Hi. You probably have no idea who I am…but you’ve likely seen my work without realising it was me. That was the way I liked things for most of my life; not standing out, blending in, trying to be normal and not putting myself out there to be a target for the bullies – though it didn’t really work, because most of my school life was pretty miserable.
It took me until the age of 25 to finally have the courage to be myself and stop playing the role I was assigned, and even when I did, I had the constant worry of ‘what will everyone else think of me?’ and I wasn’t stopping to ask myself ‘what do I think of me?’
I had just started my first proper animation job and slowly over the weeks I tested the waters, with what I wore, what I said, and how I presented myself. A few weeks later, I told my colleagues about the wedge heeled trainers I’d been wearing. They said they had noticed my apparent two inch growth spurt and that I shouldn’t feel the need to hide who I am. To them I was a friend and part of the family.
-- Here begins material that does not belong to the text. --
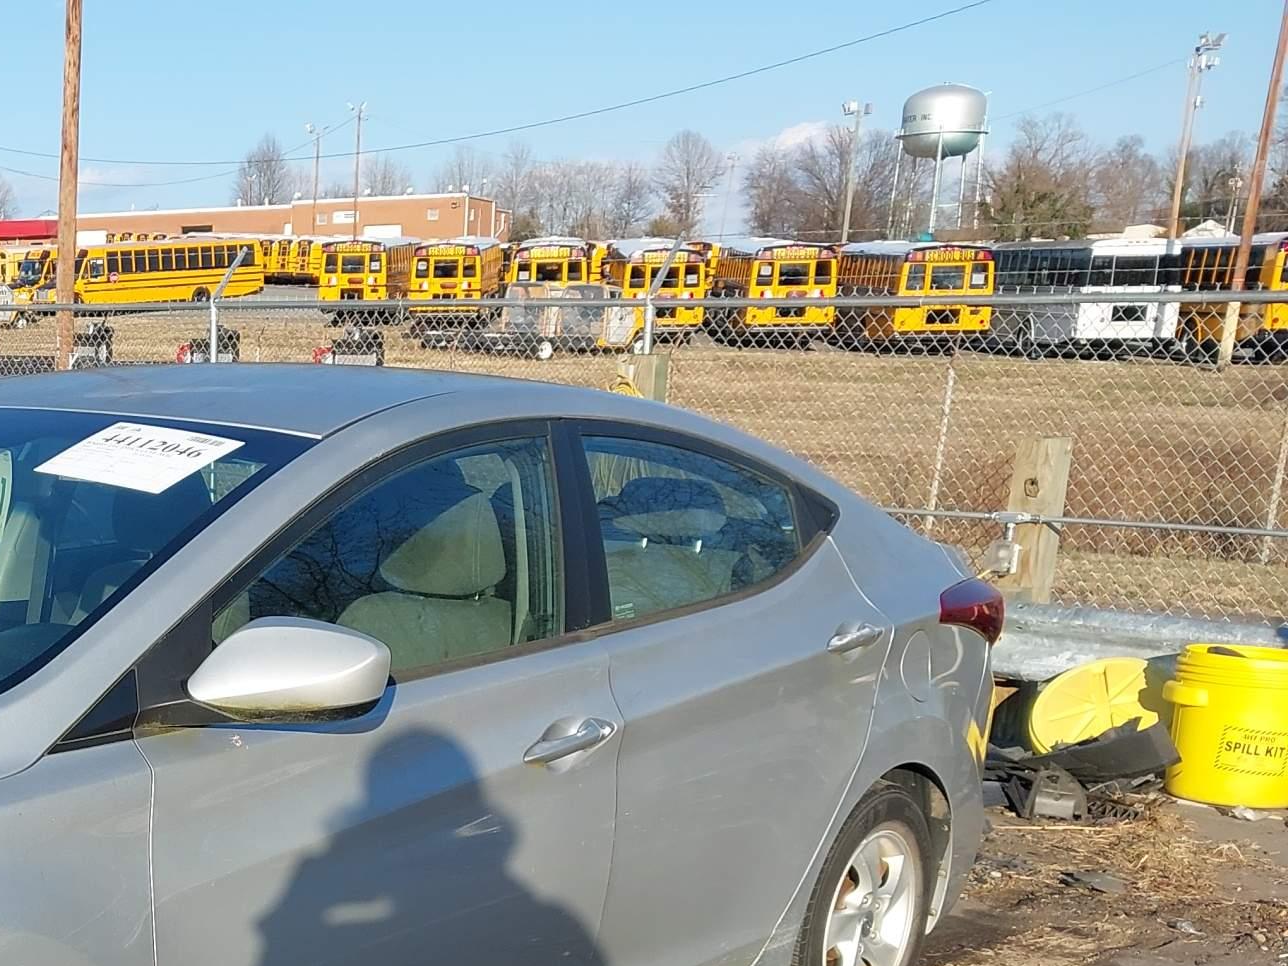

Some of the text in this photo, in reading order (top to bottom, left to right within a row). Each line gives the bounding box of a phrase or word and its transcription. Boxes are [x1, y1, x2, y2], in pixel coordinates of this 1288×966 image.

[927, 250, 974, 260] SCHOOL BUS
[103, 433, 208, 458] 44112046
[1225, 740, 1286, 759] SPILL KIT
I remember a few nights later after all the hype and positivity of the 2012 Olympic torch passing by outside our office, I posted my feelings about my gender on facebook – I hit the enter key and I went to bed, dreading the kind of responses I’d get – but I had to do it.
To this day it’s still the most liked and commented Facebook post I’ve ever made, and it was flooded with support – this gave me the babysteps of courage to face my parents (who do not use Facebook). Whilst my parents had their questions and issues, ultimately, with time, they were very accepting – They had their concerns, but it was mostly over my safety and how the general public would respond.
For the most part, my experience with the public hasn’t been too bad. In the seven years since I came out, I think I can still count on my hands the insults I’ve had – which have generally come from men hurrying in the opposite direction by foot or by van so they’re safe from any return fire I’d give them – cowards of course.
So the reason you probably have all become familiar with me, is for my ‘Coming Out’ piece with the woman emerging from the ‘man costume’.
I’ve been drawing all my life, and I’ve always been rather good at it. It’s also gone fairly unnoticed – The Coming Out piece was essentially a doodle; I didn’t sign it, I didn’t watermark it, I didn’t post it on DeviantArt (the largest online social network for artists and art enthusiasts) or anywhere like that. I think I just put it on my facebook and a few friends liked it.
A few months later, a friend showed me that somebody had cropped the image, overlaid some text and it had been shared over 1000 times with my name nowhere in sight. My immediate reaction was panic – that someone was going to claim my artwork as theirs, and that someone had overlaid text on my art, which I felt was self explanatory – at least to anyone in that situation.
A couple of people tracked me down, through Google’s reverse image search and asked where they could get a print. So I printed a few out on the printer at work, and the prices varied slightly each time. I hadn’t made the art to make money and I was unprepared. It wasn’t until the 4th person tracked me down and suggested that I create an Etsy store, that I began to take it a little more seriously.
So I did just that, I ordered 25 postal tubes that I thought I’d be stuck with forever and as I write this I have 8 left and 2 ready to be posted out tomorrow. They’ll be packed with the poster and some British chocolate – the prints have been particularly popular in the US, and Americans love British candy!
So what are my plans looking ahead? Well, having just lost my job when the mobile game studio I worked for was closed down, I figured I’d continue focusing on the three things I’m passionate about: helping and supporting the LGBT community, art and animation, and motorsport.
I now represent a not for profit organisation called Racing Pride in the growing world of E-Sports SimRacing and have begun to show this male-dominated sport just what a transgirl can do, when given the chance. The ultimate dream would be to earn a seat in a real race car, and represent trans people just as my heroine, Charlie Martin, does.